Many of us overlook lube as a factor in the sexual equation, whether it’s during a masturbating sesh or sex with a partner/s. There is still a sense of shame, particularly among women, when it comes to lube. Lots of us are afraid of being labeled as sexually deficient or simply “not into it” if we need or want to use lube during sex.
This fear is super fucking real, too, and it’s a result of lube-shaming. According to sex and relationship expert Dr. Jess O’Reilly, "lube-shaming erroneously suggests that if a woman is turned on, she'll get wet. But vaginal lubrication is controlled by the autonomic nervous system and is beyond our conscious control.” Basically, you can be super turned on, but totally dry, and vice-versa.
Personal lubricant exists for many reasons–the first being to reduce the dryness and irritation that is so often attributed to discomfort or pain during sex (particularly penetrative sex). It can be a game-changing aid for women who suffer from vaginal dryness (17% of women aged 18-50 experience problems with vaginal dryness).
But the best part about lube is that it’s not used solely for the purpose of combating discomfort. It can literally make sex better–physically and, as a result, mentally. In a 2011 study, 2,500 women used lubricant regularly over a 5-week period.
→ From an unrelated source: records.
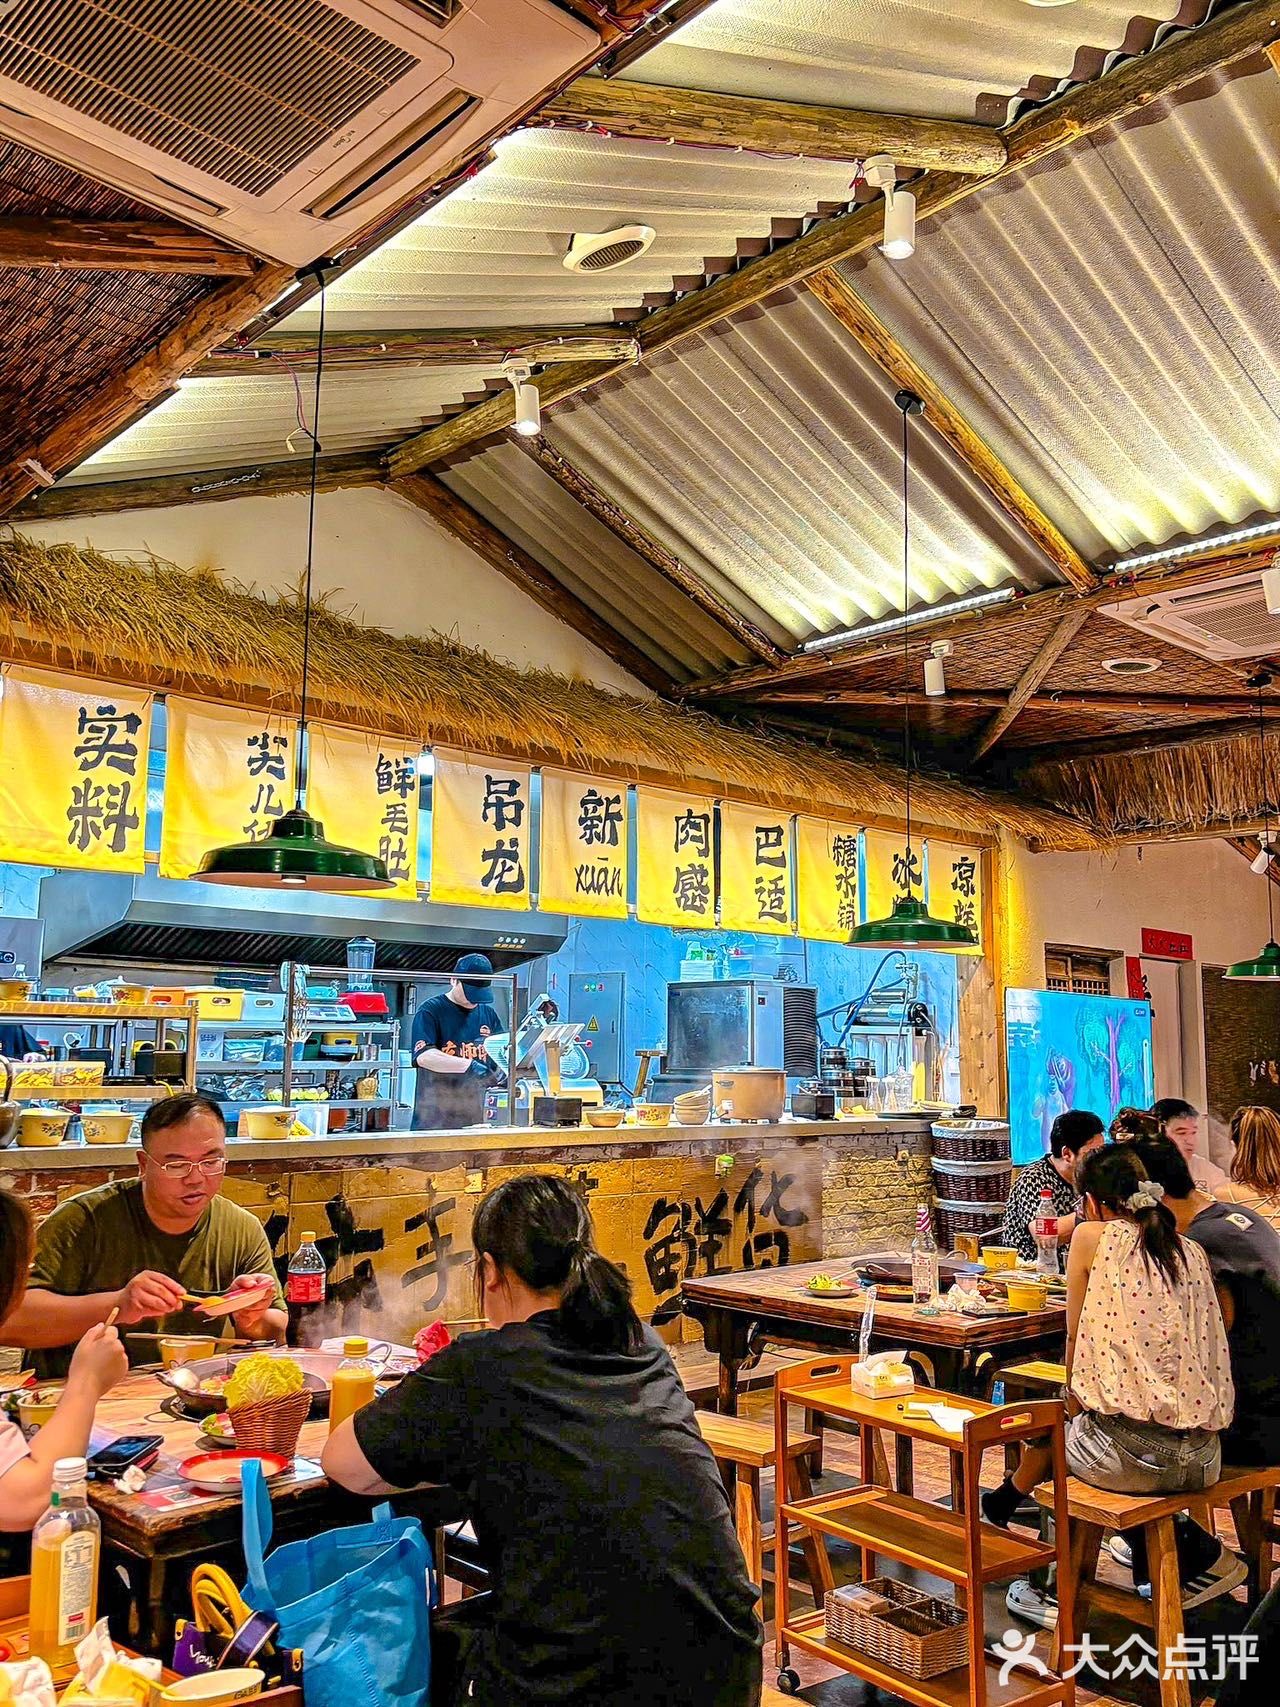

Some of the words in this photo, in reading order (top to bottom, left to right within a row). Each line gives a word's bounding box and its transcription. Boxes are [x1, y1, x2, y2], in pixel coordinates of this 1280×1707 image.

[67, 705, 142, 853] 实料
[374, 753, 416, 882] 鲜毛肚
[481, 774, 525, 894] 吊龙
[672, 808, 711, 915] 肉感
[754, 825, 788, 924] 巴适
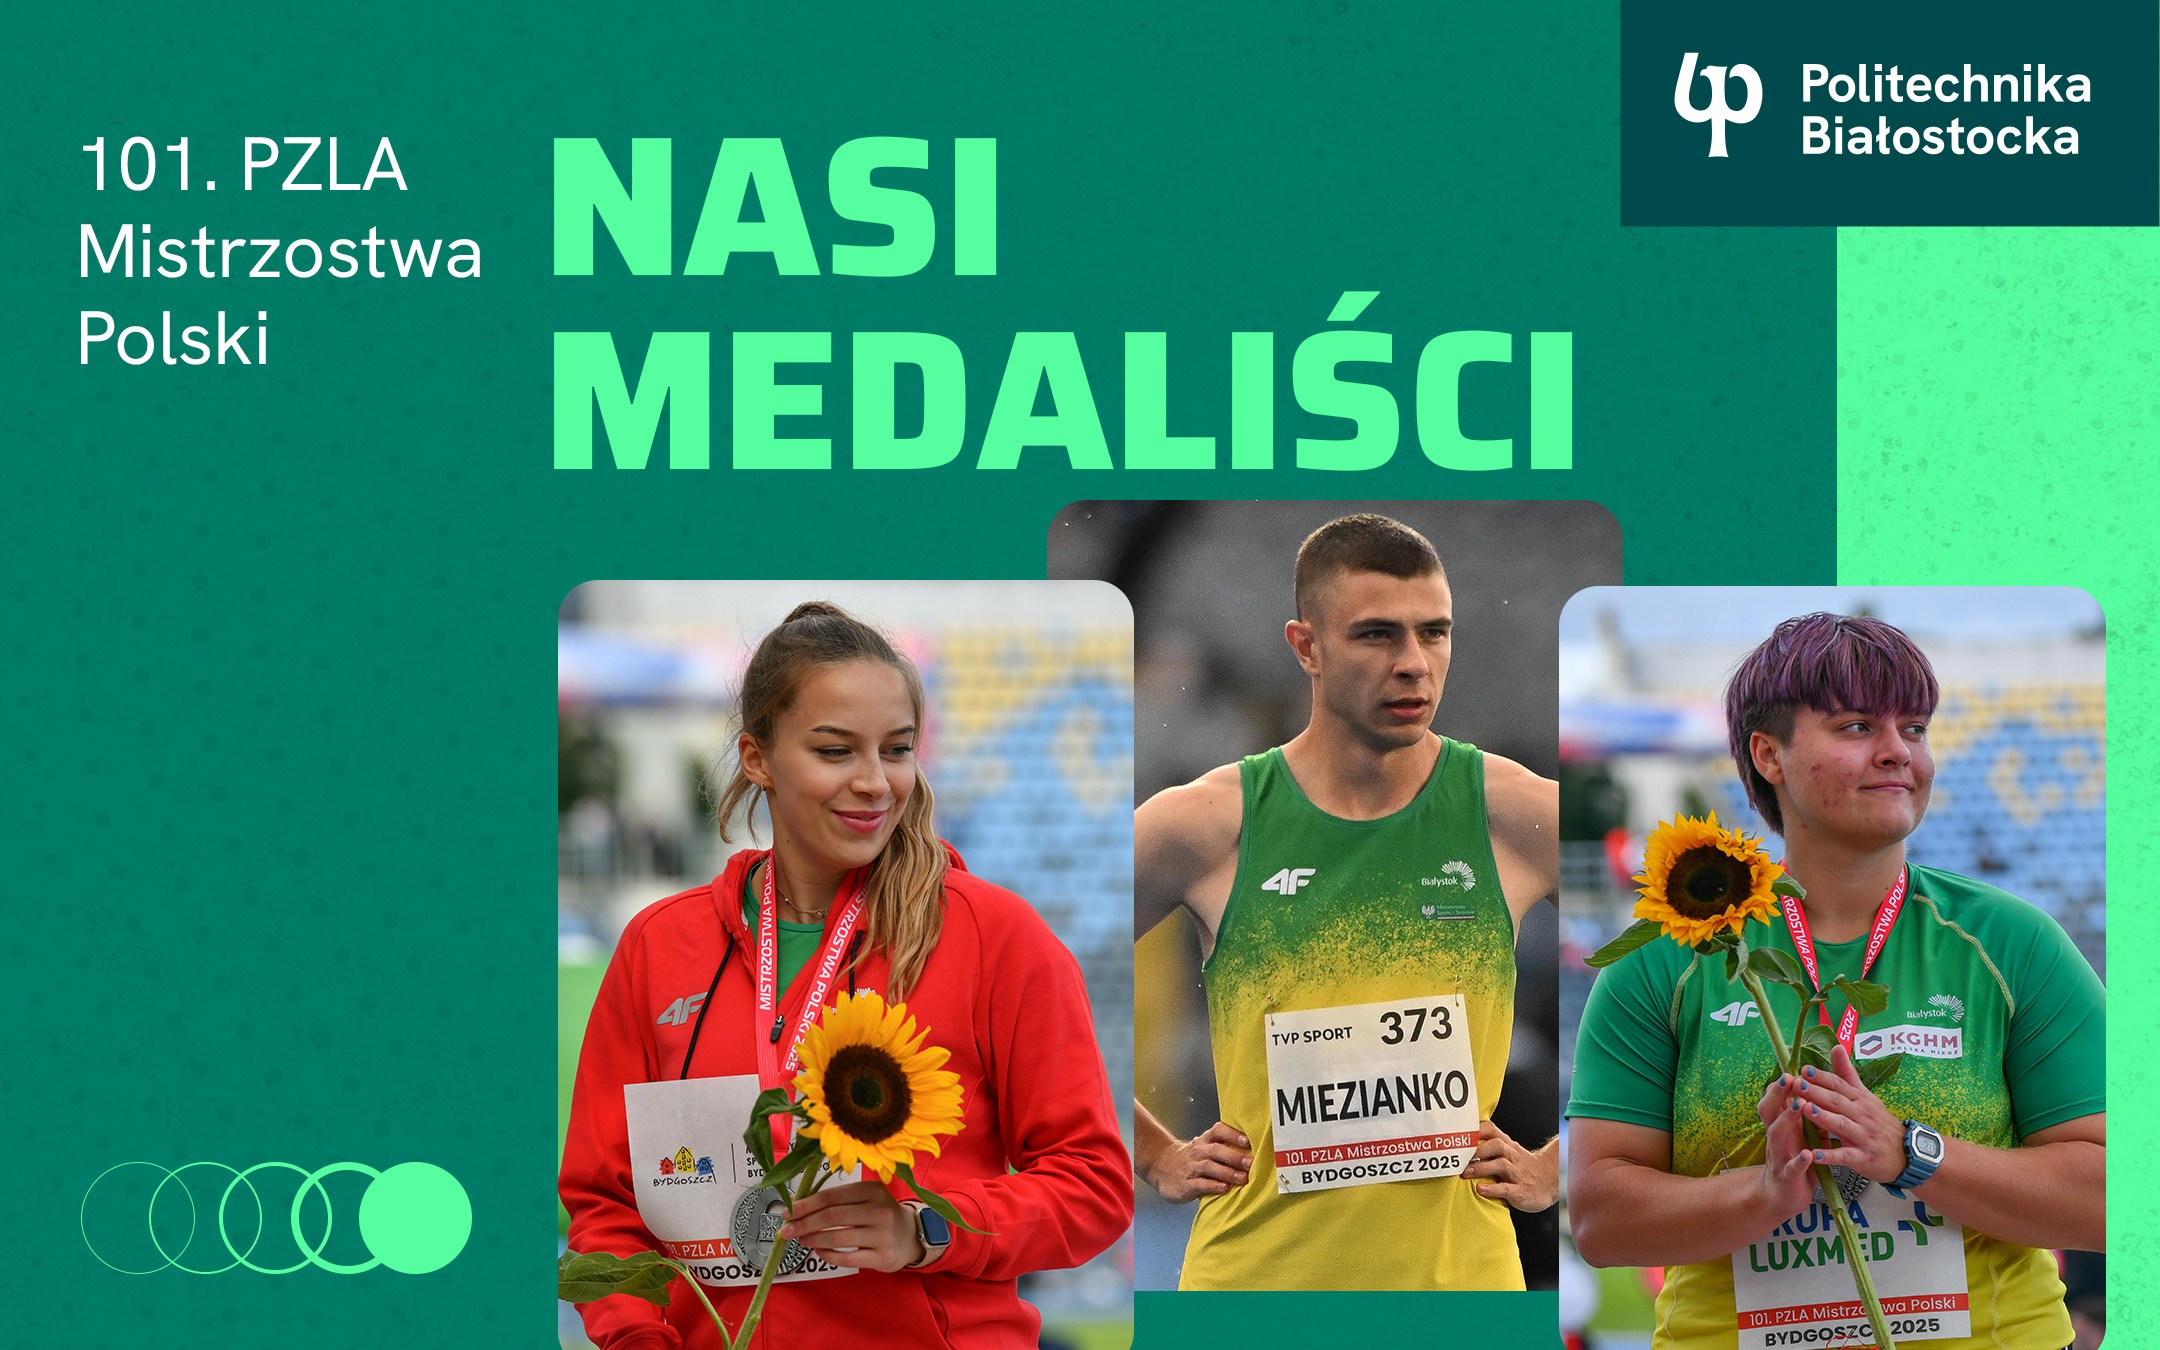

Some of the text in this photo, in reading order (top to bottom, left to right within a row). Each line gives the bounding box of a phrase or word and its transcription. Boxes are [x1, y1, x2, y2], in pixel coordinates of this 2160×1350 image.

Results show that the use of a water-based or silicone-based lubricant was associated with higher ratings of sexual pleasure and satisfaction for solo sex and penile-vaginal sex!
So it’s time to reshape the lube narrative. To begin, we asked nine women of sex-related and non sex-related professions the question: “What is your relationship like with lube?”
Lube is always a great idea. Although, the type/quality of lube matters. Ideally you want a lube without parabens, glycols, microbicides, and preservatives. Ideally you want a lube that is similar to your body's pH. A healthy, happy vagina has a pH of 3.8-4.5 and the rectum is around 7.0, so you want a lube that matches or is a slightly higher pH than your natural environment. Lack of lubrication or vaginal dryness can contribute to or cause pain with sex. Adding lubrication may not address the underlying cause, such as a hormonal imbalance, but it can definitely help decrease the symptoms. Depending on what data you look at ~40% of women under 60 report sexual dysfunction and up to 60% of women will experience pelvic pain, I can't say what percentage is due to lack of lubrication, but if someone is having pain with sex adding in a lubricant may help and most likely won't make it worse, unless someone uses a poor quality lubricant.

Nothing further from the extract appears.